E se quello ce vedono è un bianco che spara a un altro bianco, sorridendo, il messaggio che risulta arrivare loro è che uccidere una persona ti rende felice.

Non voglio assolutamente criticare il cinema, anzi. Ciò che penso sia giusti criticare sono i palinsesti tv e il controllo sulla visione dei programmi tv proposti.

I miei genitori hanno sempre posto un veto rispetto ciò che potevo o non potevo guardare. Con il passare degli anni e con il formarsi dei miei valori morali, ho imparato a distinguere ciò che avviene all’interno di un film da ciò che invece è la realtà quotidiana.

Ma se prima era solamente la televisione a dare assuefazione, ora ci si mette tutto il mondo dei media. Internet in primis.

L’immersione nel mondo virtuale, produce un’astrazione dal mondo reale che è assolutamente on gestibile a livello conscio.

Con la presenza di numerosissimi giochi online il cui scopo è crearsi un avatar e costruirsi una nuova vita, con missioni da portare a termine, etc.. beh, le persone prima o poi finisce che ci si immergono al livello da non riuscire a distinguere più la differenza che c’è tra mondo virtuale e mondo reale.

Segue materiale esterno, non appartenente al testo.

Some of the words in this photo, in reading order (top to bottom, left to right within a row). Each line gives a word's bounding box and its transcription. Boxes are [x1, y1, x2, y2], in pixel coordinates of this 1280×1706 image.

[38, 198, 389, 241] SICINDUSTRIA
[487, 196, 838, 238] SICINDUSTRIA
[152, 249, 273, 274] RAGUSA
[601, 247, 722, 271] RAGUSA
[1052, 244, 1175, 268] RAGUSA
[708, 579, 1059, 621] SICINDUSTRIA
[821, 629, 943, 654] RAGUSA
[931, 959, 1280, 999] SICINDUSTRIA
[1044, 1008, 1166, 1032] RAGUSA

In un recente libro di Jeffery Deaver, La Strada Delle Croci [ibs], si parla di come i mondi virtuali hanno avuto un impatto nella vita quotidiana del cittadino americano qualunque.

Riconosco, indubbiamente, che in America la situazione è ben diversa da un’equivalente situazione italiana. Ma internet è una piazza dove la nazionalità non conta.

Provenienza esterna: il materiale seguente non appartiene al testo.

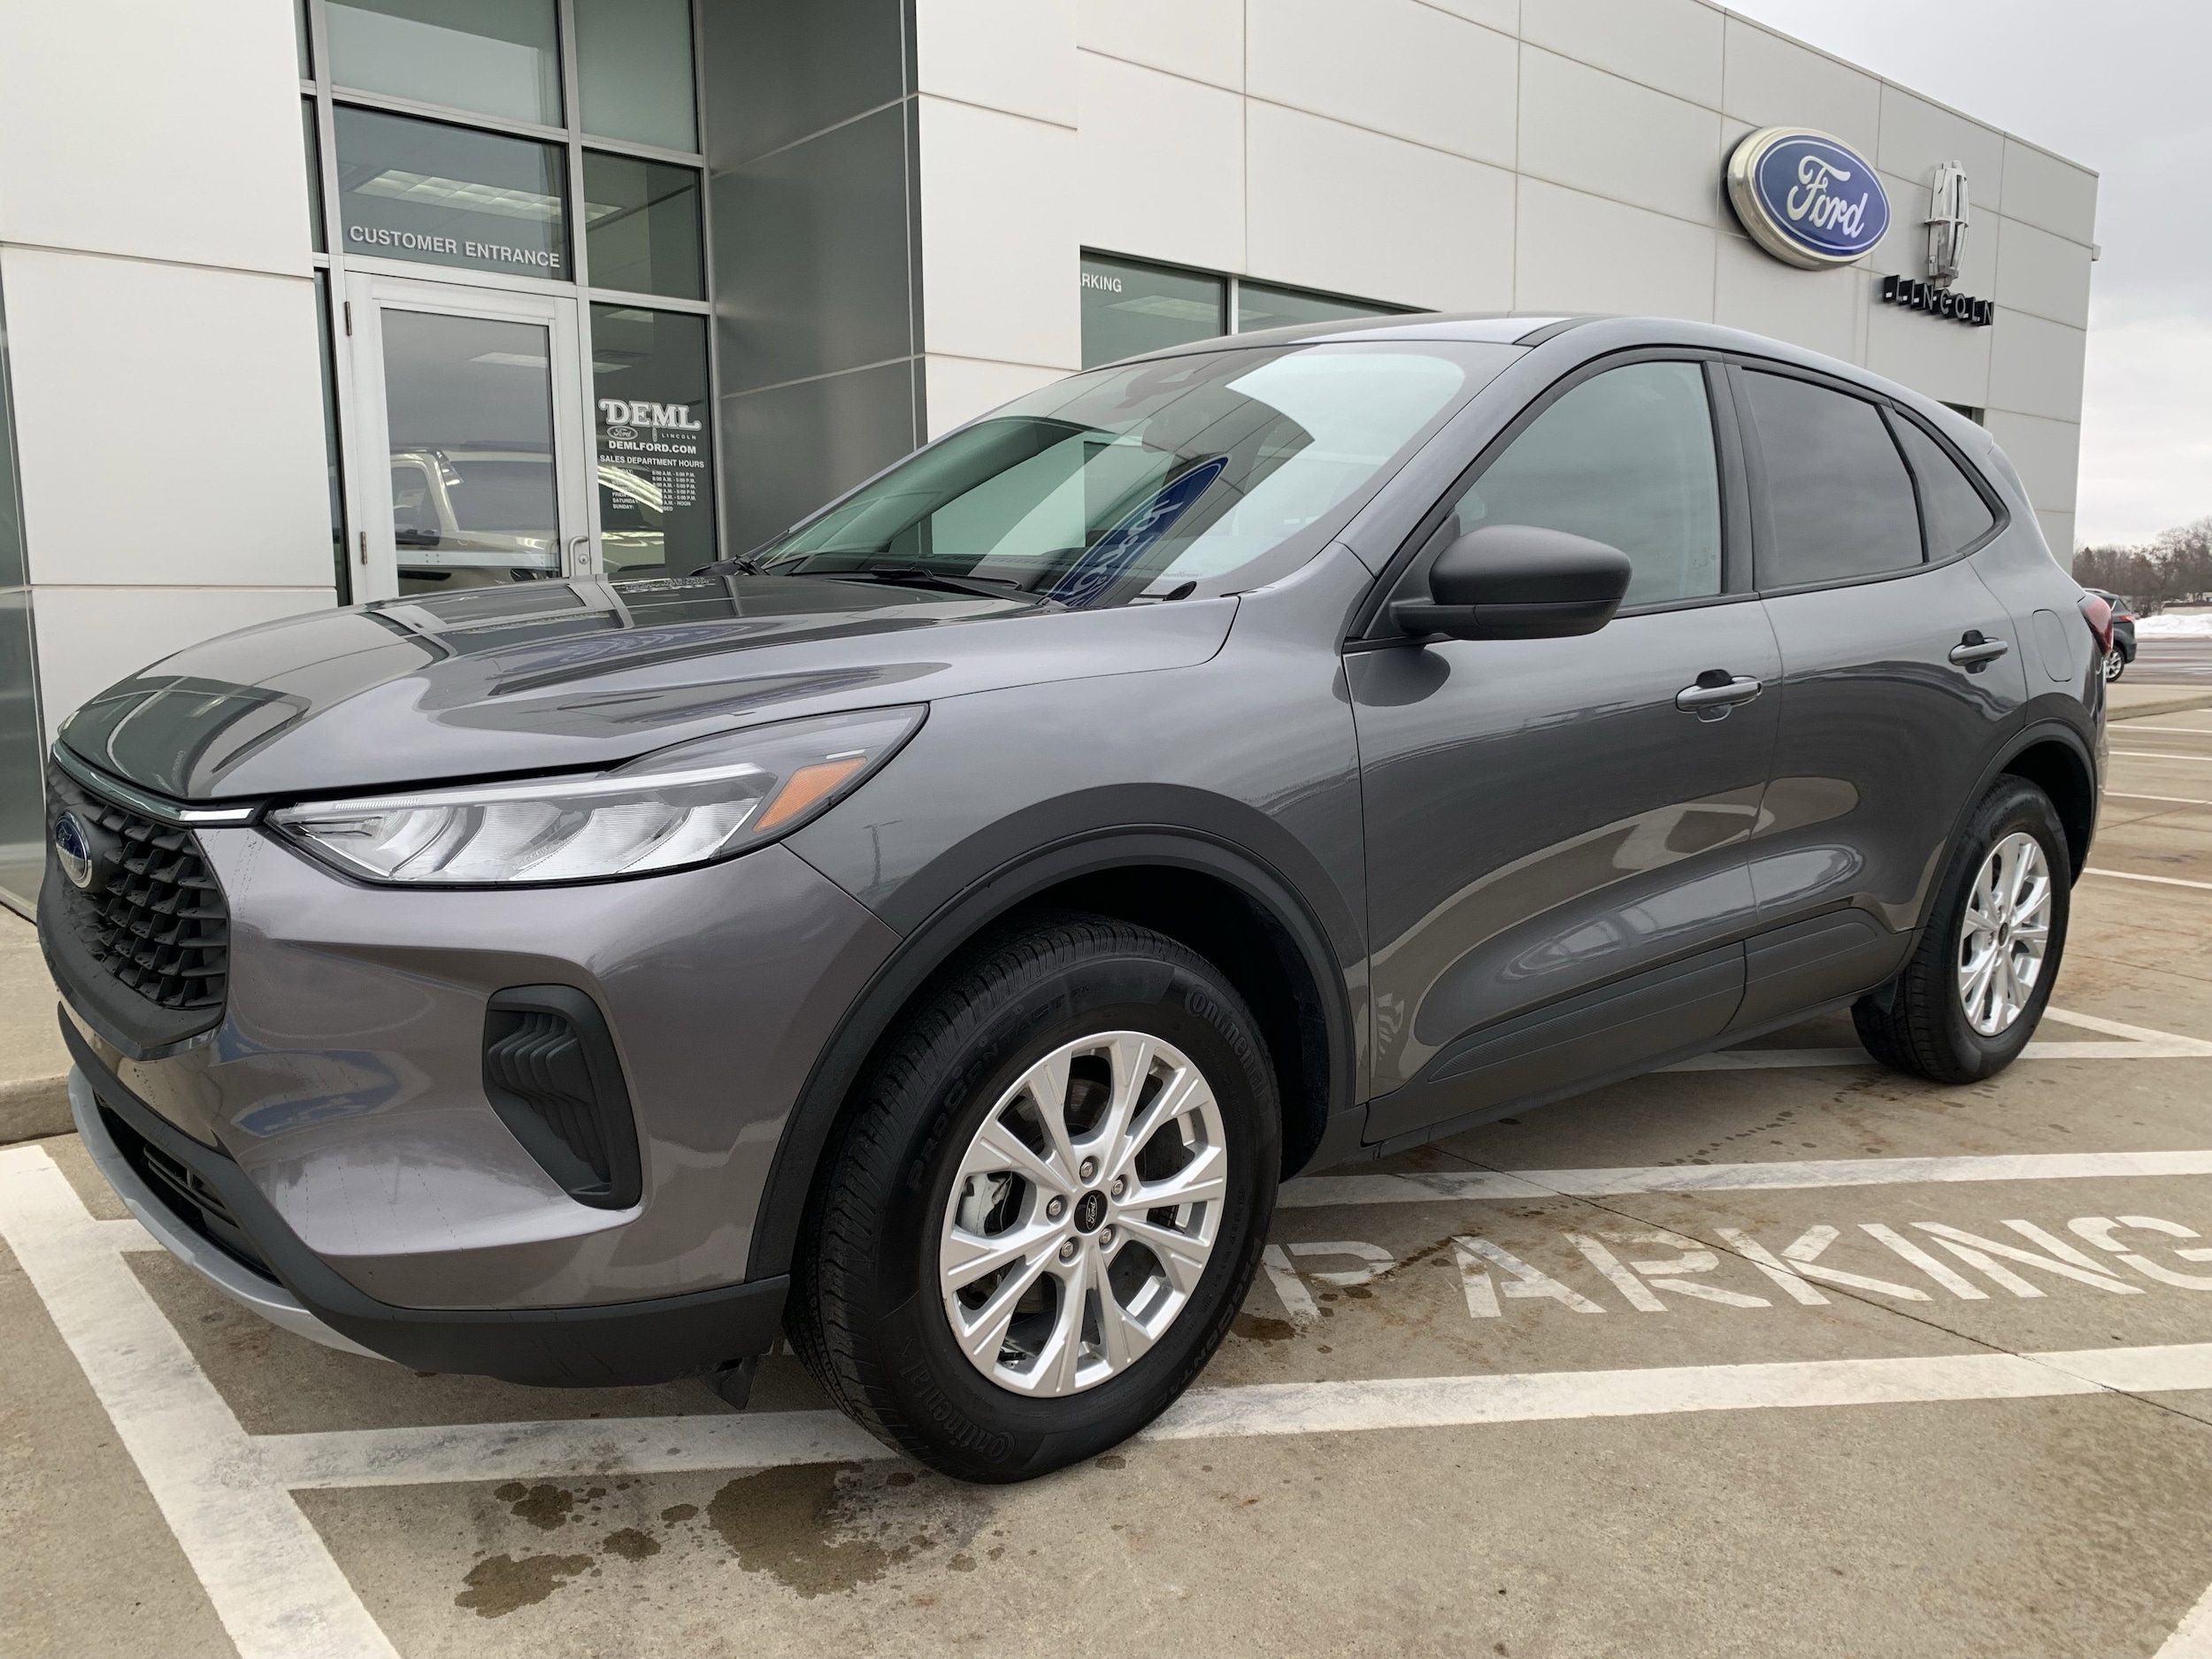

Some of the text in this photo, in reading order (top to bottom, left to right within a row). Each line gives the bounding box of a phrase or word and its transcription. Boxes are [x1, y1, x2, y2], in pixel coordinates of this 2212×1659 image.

Cosa c’entra con il tema da cui sono partito? Beh, se una persona vive, mentalmente, in un posto in cui è necessario uccidere, altrimenti non ci si evolve, è normale che poi, una volta spento il computer, si ritrovi a pensare che dar fuoco a un barbone sia, per certi versi, normale.

Certo, prendere un invalido e sputargli in faccia è tutta un’altra storia. Non cambia il risultato, ma è tutta un’altra storia.

Il mio paese è quello in cui nessuno ha privilegi.

Sei invalido? Chissenefrega, ti tratto come gli altri.

Sei negro? Bene, fermo li altrimenti spreco le cartucce.

Sei un barbone? Spetta che vado a comprare dell’alcool così prendi fuoco meglio.

Perdonatemi questo piccolo sfogo, forse un po’ confuso.